Les flammes jaillirent doucement, ténues mais stables, illuminant un instant son visage d’une lueur dorée. Le feu obéissait désormais. Il n’avait plus à lutter comme avant, à se crisper ou à s’énerver pour le déclencher. C’était devenu presque naturel, comme si ce pouvoir avait toujours été là, tapi quelque part, en lui. Il modula un peu l’intensité, augmentant le souffle, puis le réduisant jusqu’à ne laisser qu’une simple flammèche dansante au creux de sa paume. Il la fit grandir à nouveau jusqu’à la taille d’une petite torche, juste assez pour s’y réchauffer le visage.

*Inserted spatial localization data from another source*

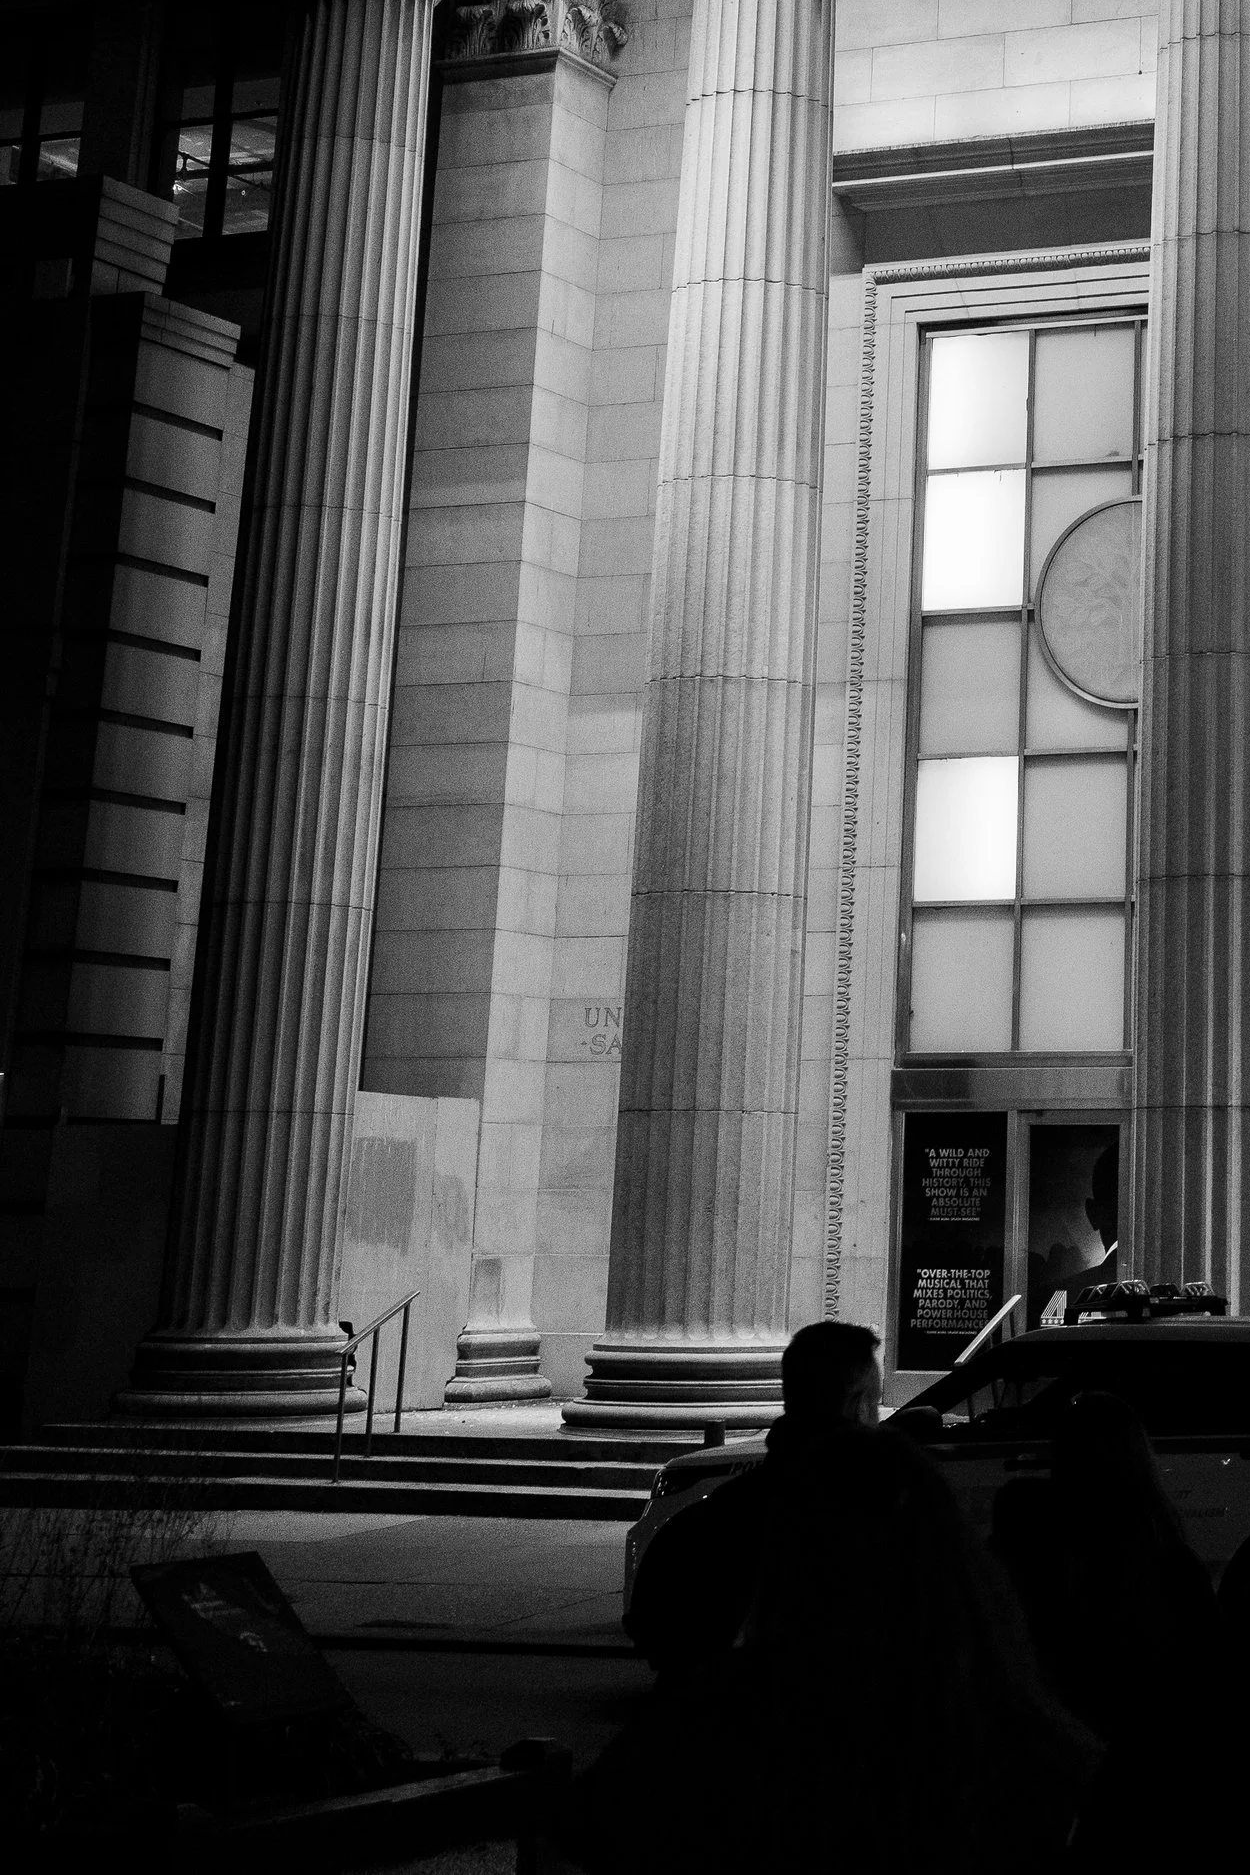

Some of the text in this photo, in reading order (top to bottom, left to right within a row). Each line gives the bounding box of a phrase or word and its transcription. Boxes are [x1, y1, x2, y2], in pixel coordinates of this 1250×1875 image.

[584, 1007, 623, 1028] UN
[939, 1148, 965, 1157] WILD
[967, 1148, 990, 1157] AND
[929, 1158, 985, 1167] WITTY RIDE
[931, 1168, 981, 1177] THROUGH
[921, 1178, 991, 1187] HISTORY, THIS
[925, 1188, 987, 1197] SHOW IS AN
[931, 1197, 981, 1206] ABSOLUTE
[917, 1279, 989, 1288] MUSICAL THAT
[913, 1289, 993, 1300] MIXES POLITICS,
[918, 1299, 987, 1309] PARODY, AND
[916, 1309, 988, 1319] POWERHOUSE

Le feu craquait doucement, presque vivant. Il semblait murmurer à François des souvenirs d’un autre temps. Un sourire naquit au coin de ses lèvres. Ce sort, c’était Hunfen qui le lui avait appris, à lui et à Hroar. Cela faisait longtemps, maintenant. Des semaines, peut-être un mois, cela semblait si lointain, et pourtant, il s’en souvenait comme si cela avait eu lieu la veille.

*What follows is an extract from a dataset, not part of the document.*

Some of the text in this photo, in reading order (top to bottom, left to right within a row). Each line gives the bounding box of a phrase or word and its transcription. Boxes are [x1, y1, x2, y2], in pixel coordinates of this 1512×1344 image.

Hunfen était revenu blessé, épuisé, inconscient. Le lendemain, ses yeux étaient encore cernés mais brillants d’une lumière nouvelle. Il n’avait rien dit de ce qu’il avait vu ou vécu, ou si peu. Mais François avait lu sur son visage une détermination étrange, grave, comme s’il portait un grand secret. Constance, la directrice, les avait enfermés tous les trois dans le dortoir, sous prétexte que Hunfen devait se reposer et qu’il avait besoin de compagnie. Bien sûr, c’était surtout une punition : François et Hroar avaient voulu voir le dragon, ils s’étaient échappés en douce, en pleine alerte. Hunfen, lui, s’était battu, ou avait tenté de le faire. Ça ne lui avait pas réussi.

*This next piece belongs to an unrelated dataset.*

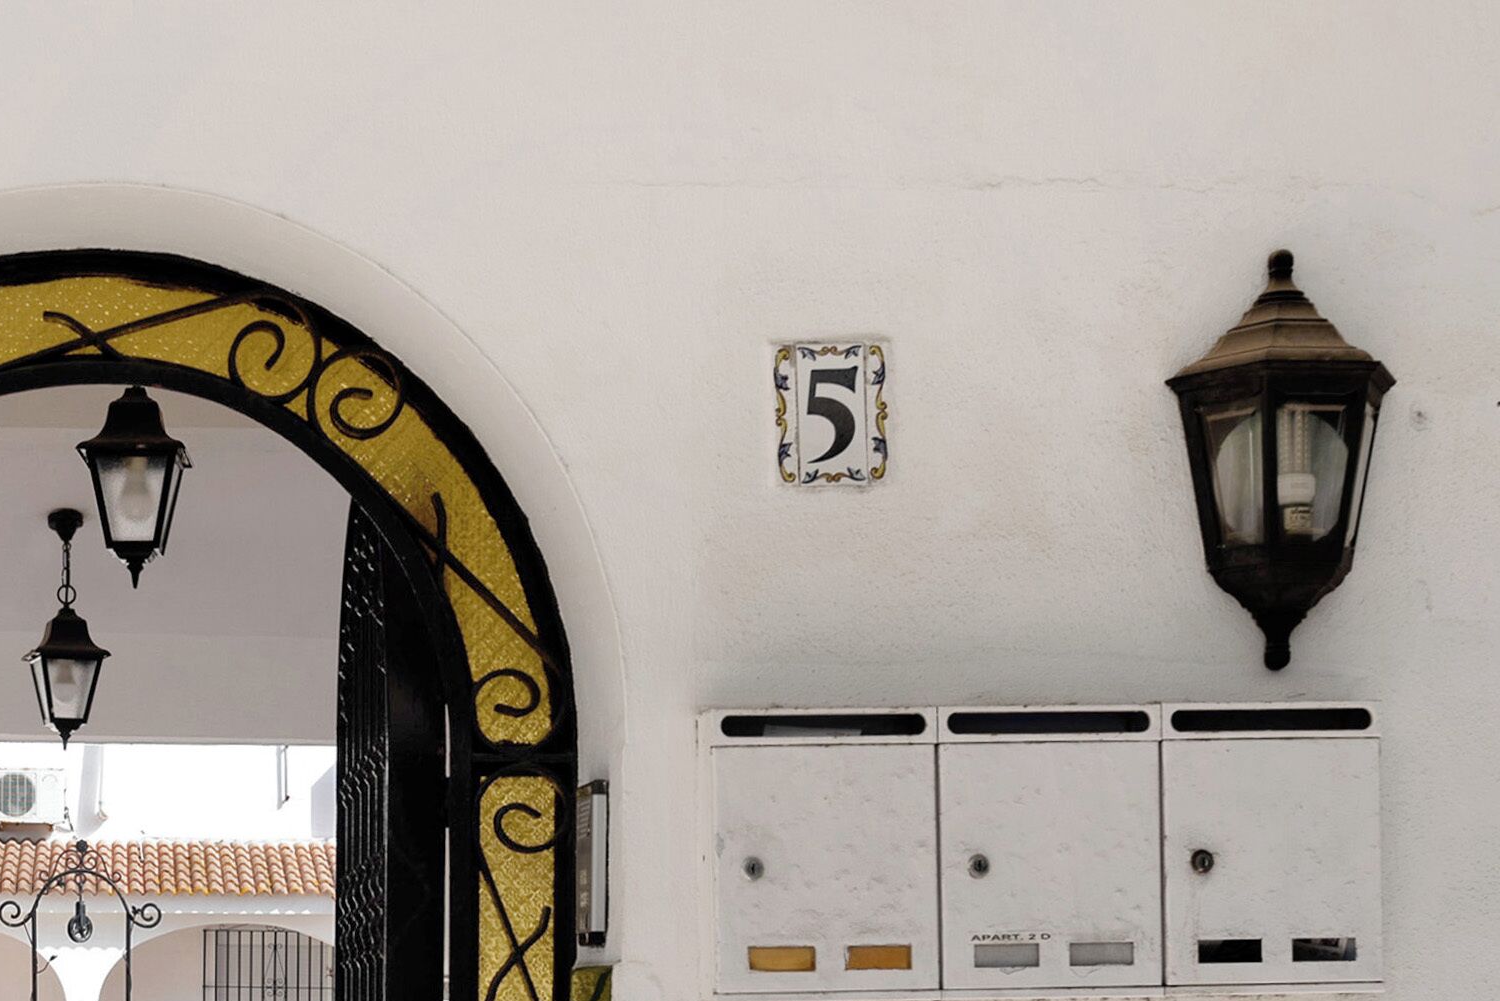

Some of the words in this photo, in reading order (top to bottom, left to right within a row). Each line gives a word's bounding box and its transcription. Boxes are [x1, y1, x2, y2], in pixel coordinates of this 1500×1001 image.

[806, 365, 859, 464] 5
[971, 933, 1024, 942] APART.
[1028, 932, 1037, 941] 2
[1040, 932, 1052, 941] D

Et malgré cela, les jours suivants, dans l’isolement du dortoir où la lumière du soleil filtrait à travers les vitres sales à travers lesquelles leur parvenaient les cris et les rires des autres enfants dans la cour de l’orphelinat, Hunfen avait partagé avec eux un fragment de ce qu’il savait. Un secret brûlant — littéralement — au creux des mains.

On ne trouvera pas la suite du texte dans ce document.